**Task instructions**
Copy the listing verbatim, excluding any images found in it.

**Material for the task**

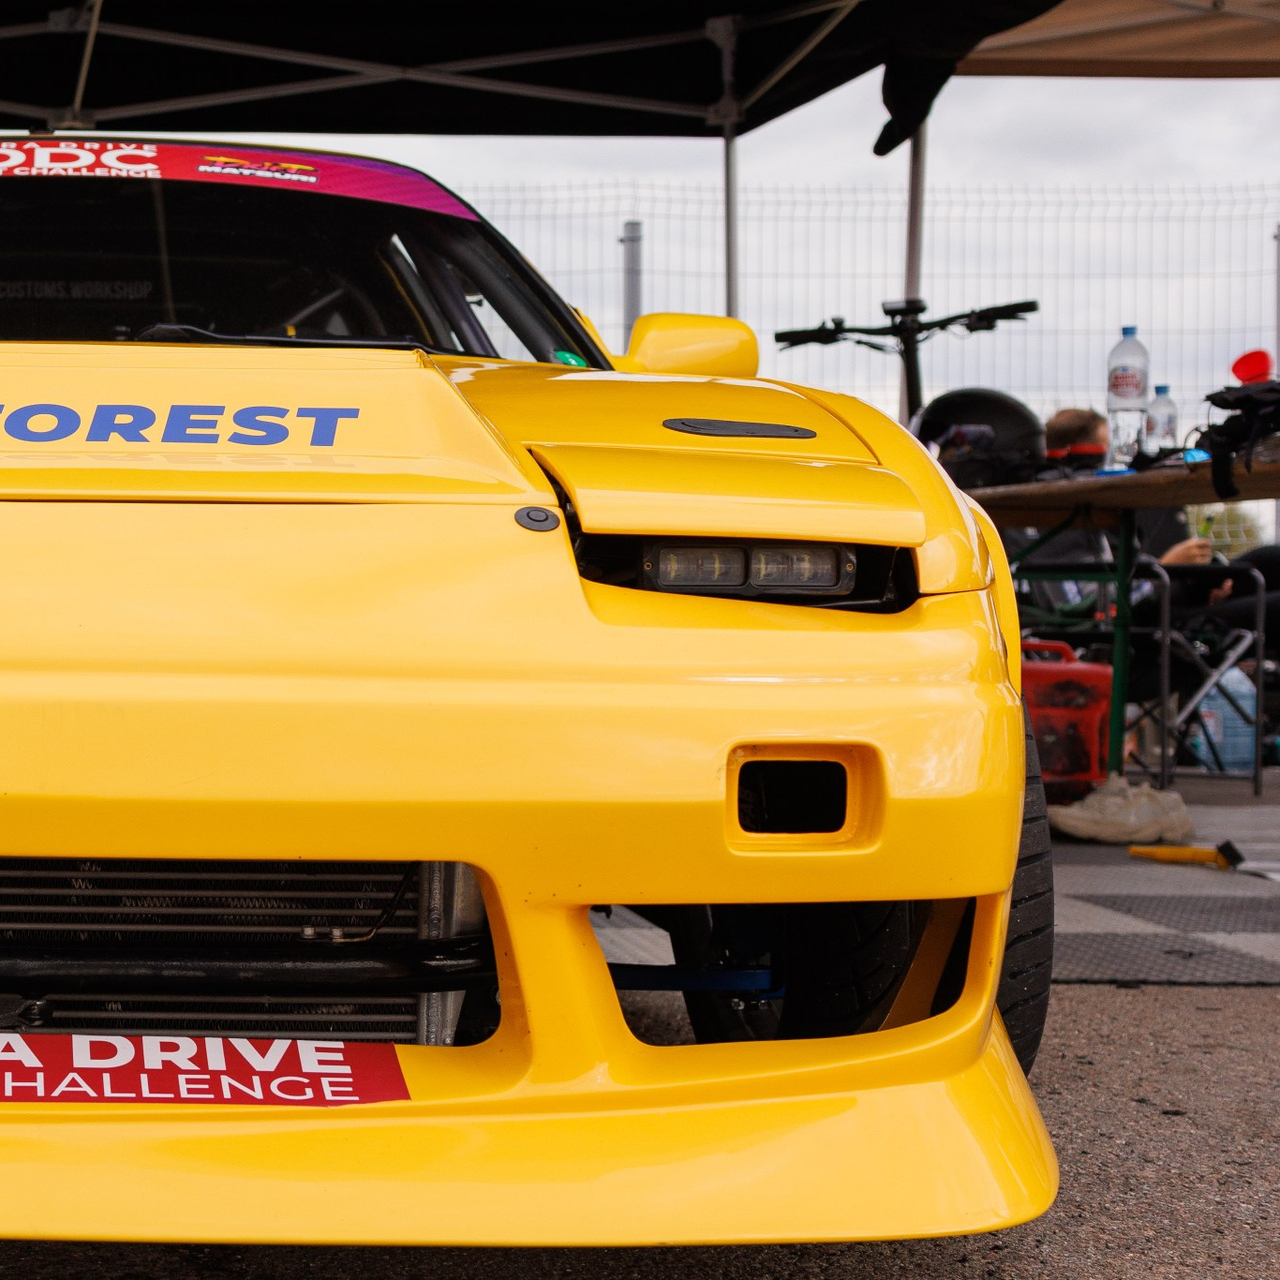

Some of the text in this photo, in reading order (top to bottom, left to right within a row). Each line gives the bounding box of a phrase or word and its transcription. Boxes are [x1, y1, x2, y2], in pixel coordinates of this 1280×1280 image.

[58, 142, 158, 152] DRIVE
[13, 167, 162, 179] CHALLENGE
[198, 165, 318, 183] MATSURI
[71, 1034, 352, 1074] DRIVE
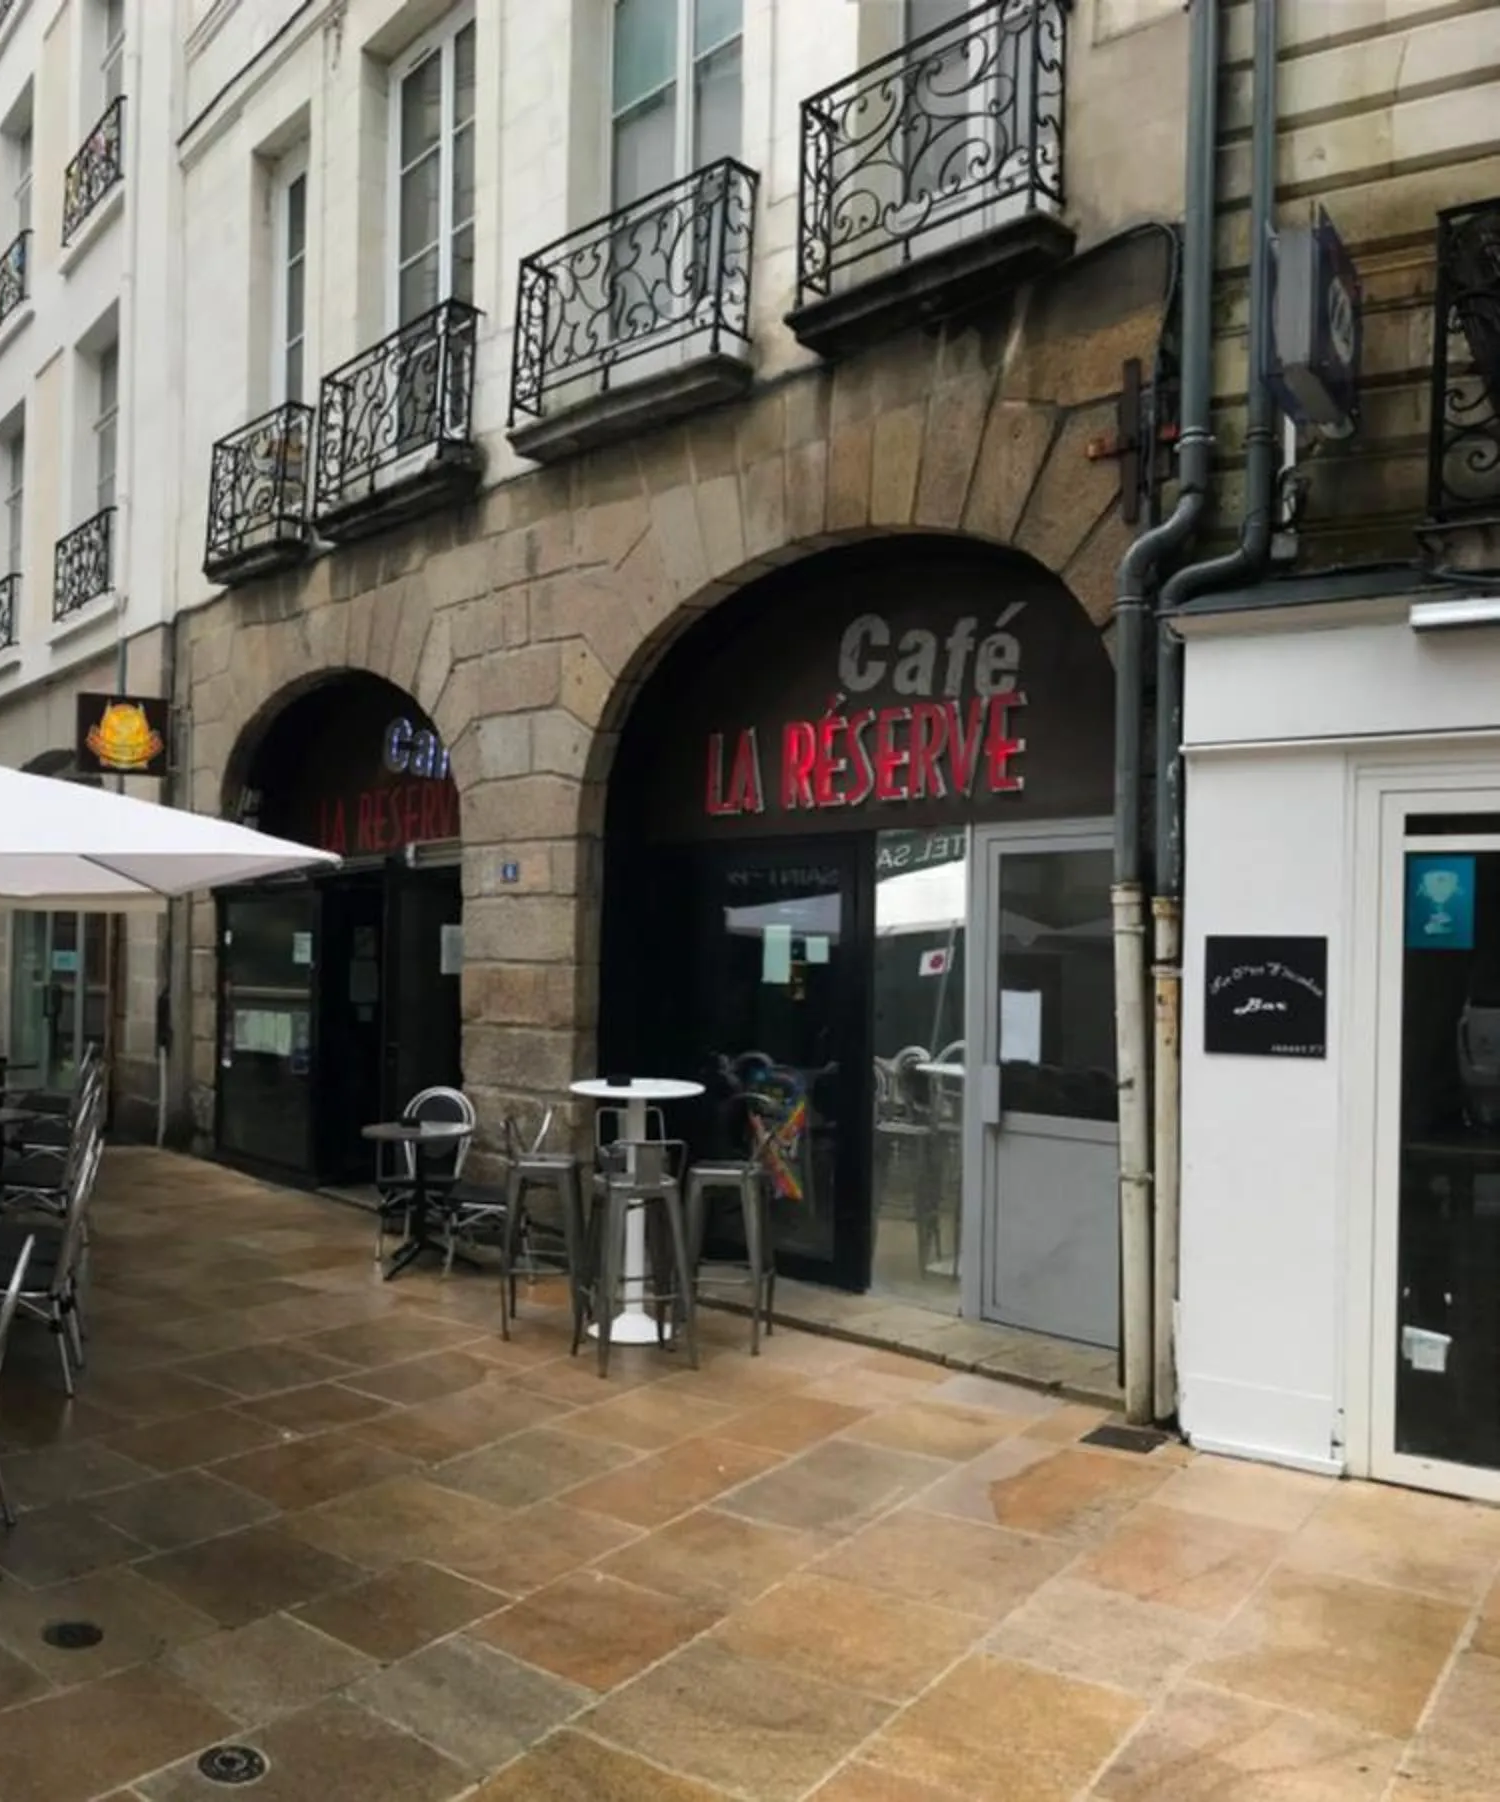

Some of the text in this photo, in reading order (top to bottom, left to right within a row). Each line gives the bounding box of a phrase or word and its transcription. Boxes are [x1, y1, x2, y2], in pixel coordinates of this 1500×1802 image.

[837, 601, 1027, 697] Café
[706, 691, 1028, 815] LA RÉSERVE

**Your response**
Some of the text in this photo, in reading order (top to bottom, left to right within a row). Each line gives the bounding box of a phrase or word and its transcription. Boxes are [x1, y1, x2, y2], in pixel coordinates of this 1280×1280 image.

[58, 142, 158, 152] DRIVE
[13, 167, 162, 179] CHALLENGE
[198, 165, 318, 183] MATSURI
[71, 1034, 352, 1074] DRIVE

Some of the text in this photo, in reading order (top to bottom, left to right within a row). Each line gives the bounding box of a phrase or word and its transcription. Boxes are [x1, y1, x2, y2], in pixel coordinates of this 1500×1802 image.

[837, 601, 1027, 697] Café
[706, 691, 1028, 815] LA RÉSERVE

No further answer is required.